Finnen von Sinnen
(Eilenberger)
Musikverrückt sind sie sicher. Erst Ende des 19. Jahrhunderts haben die Finnen die Anerkennung ihrer schwierigen Sprache erhalten, davor ging nur Schwedisch. Und wenn die These stimmt, dass der Mensch erst durch die Sprache zu singen begann, dann können sie ihrem intellektuellen Nationalhelden, Johan Vilhelm Snellman wirklich dankbar sein. Dieser Philosoph, ein Hegelianer, machte sich im 19. Jahrhundert viele Gedanken über die finnische Persönlichkeit und deren Nationalcharakter. Seine These war: nur mit einer gemeinsamen Sprache lässt sich etwas bewirken. Als Finnisch Amtssprache wurde, änderten einige ihren schwedischen Namen ins Finnische. Für mich ist das Schwedische, jetzt als Zweitsprache, eine große Hilfe in der öffentlichen Logistik.

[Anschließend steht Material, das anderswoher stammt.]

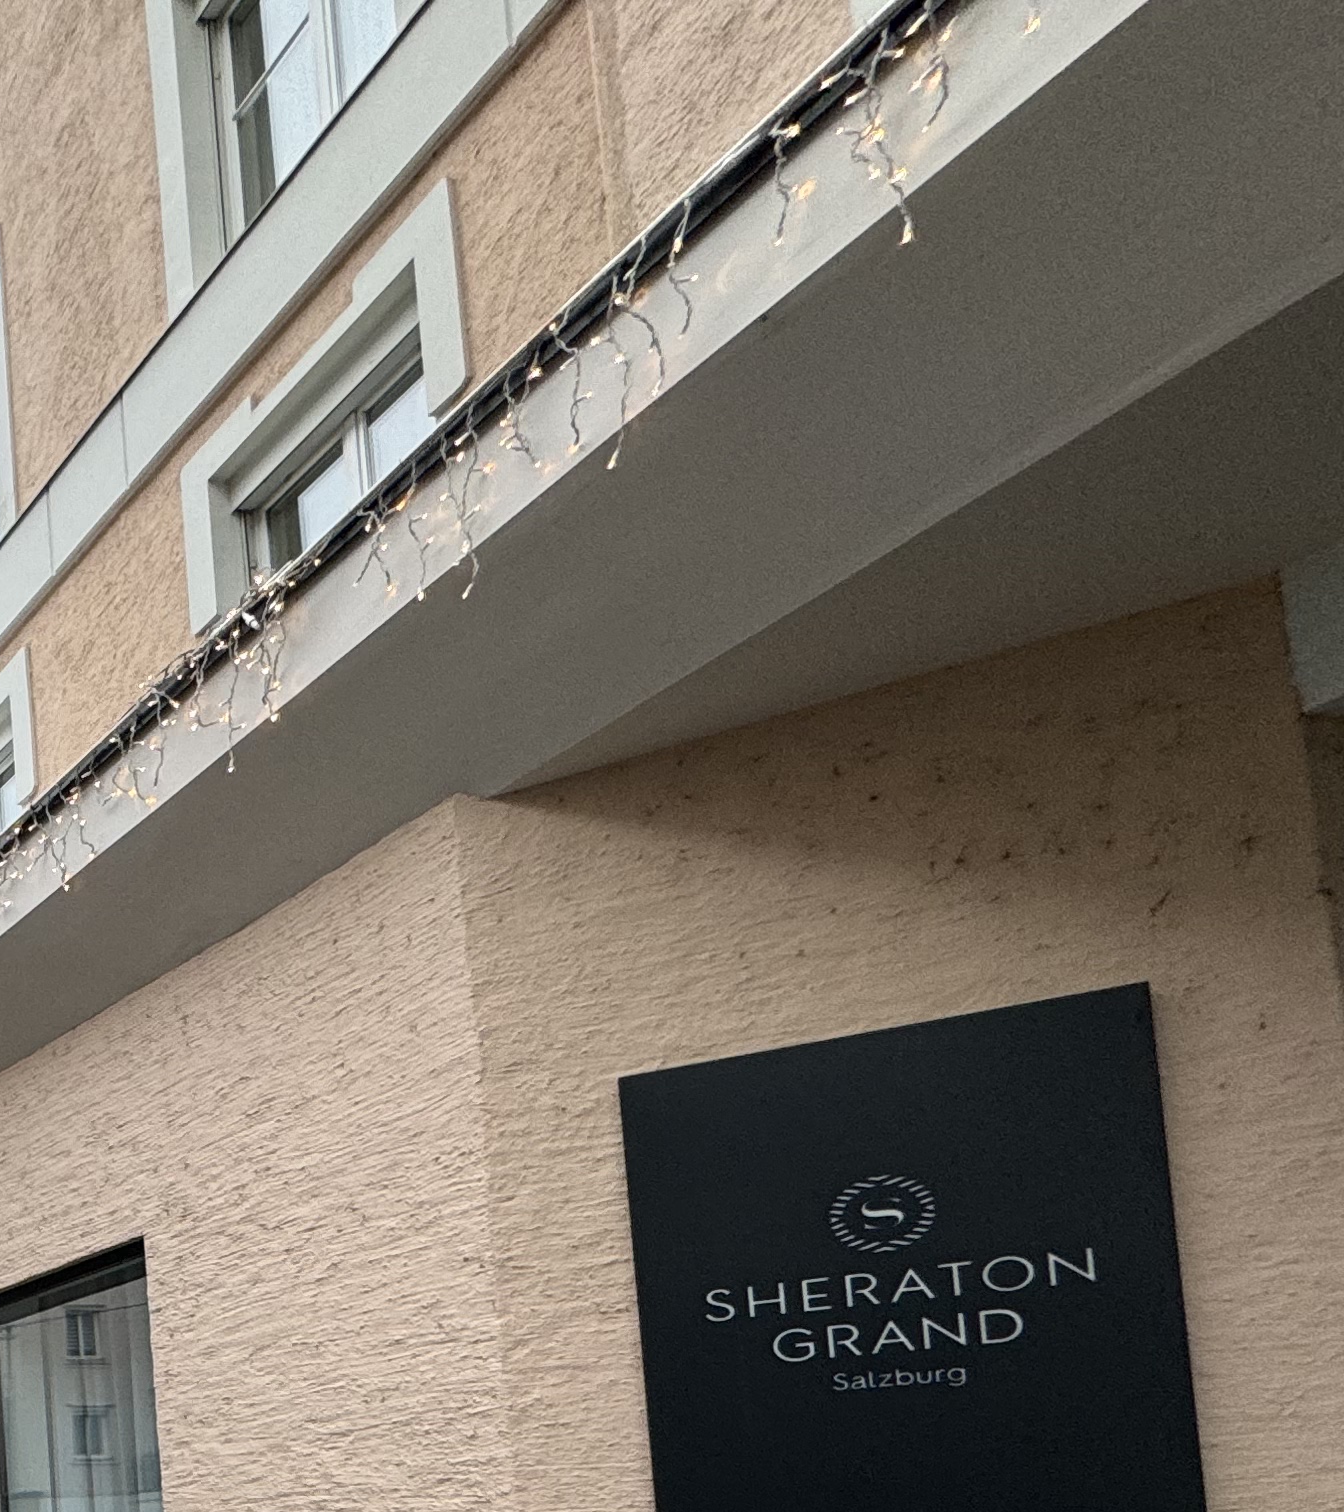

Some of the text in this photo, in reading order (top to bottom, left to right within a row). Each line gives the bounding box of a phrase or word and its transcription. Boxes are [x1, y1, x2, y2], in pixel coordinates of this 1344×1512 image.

[705, 1247, 1096, 1322] SHERATON
[772, 1308, 1023, 1362] GRAND
[832, 1366, 967, 1391] Salzburg

Im Sommer ist Finnland für Musikliebhaber sehr attraktiv. Natürlich ist Janne Sibelius all around. Aber dieses Mal achtete ich auf andere Musikii. Im traditionsreichen Café Kappeli sitze ich immer gerne. Ihm gegenüber ist eine Bühne aufgebaut, auf der gerade das ESPANLAVA Festival läuft. Das ist ein von Kulturleuten organisiertes Jazzfestival mit hochkarätigen Jazzmusikern. Der Eintritt ist frei. Als ich vorbeikam, spielte gerade der finnische Bassist Jukka Havistoo. Ein großes Talent. Ich blieb auf den musikalischen Stühlen sitzen.
Ich besuchte Rauma, eine kleine Stadt im SW von Finnland. Aufgrund ihrer toll erhaltenen Holzhäuser wurde sie ins Weltkulturerbe aufgenommen. Jedes Jahr im August gibt es hier das FEEL GOOD BLUESFESTIVAL. Es ist eines der größten Festivals in Finnland. Hier hatten große Musiker bereits ihren Auftritt: Canned Heat, John Sebastian, Erja Lyptinen, die Finnin ist auch dieses Jahr wieder on stage. Aktuell spielen außerdem Robert Finley und die große Blueslady Nora Jean Wallace.
90 km nach Norden liegt die Jazzhauptstadt PORI. Im Juli findet dort seit 1966 eins der am besten bekannten Jazzfestivals statt. Es dauert mehrere Tage, der Eintritt zu den über die Stadt verteilten Konzerte ist frei. Über eine Fussgängerbrücke gelangt man vom Zentrum zur Hauptbühne, die auf der “Jazzinsel” Kirjurinluoto liegt. In den vielen zurück liegenden Augustii trafen sich hier die Maestros of the Music: B.B. King, Miles Davis, Carla Bley, Oscar Peterson, Terve Rypdal, Herbie Handcock. Auf dem Catwalk erlesenster Jazzmusik durften dann auch Nonjazzer auftreten: Björn, Nora Jones und in diesem Sommer Robbie Williams.
In dem herrlichen Jazzcafé Pori hatte ich in einer Zeitschrift geblättert und aus GUITAR diese Noten abfotografiert. Monatlich erscheint dieses Heft und monatlich werden 3 Gitarrenstücke zum Nachspielen veröffentlicht. Ich wählte den Song “You never give me your Money“ von den Beatles aus, weil John Lennon lays down some funky rhythm guitar … . Das letzte Foto widme ich Robert Robertson. Ich fand es in einer Biografie über Levon Helm. Die beiden waren wie Zwillinge, heißt es da.
Wenn man in Finnland Gelegenheit hat, fernzusehen, dann fallen die vielen Musiksendungen auf. Hunderte Finnen sitzen irgendwo zusammen und singen “all sång”. Die Energie dieses Rudelsingens springt ja geradezu über aus dem Bildschirm, wie damals die Flying Toasters im Störprogramm.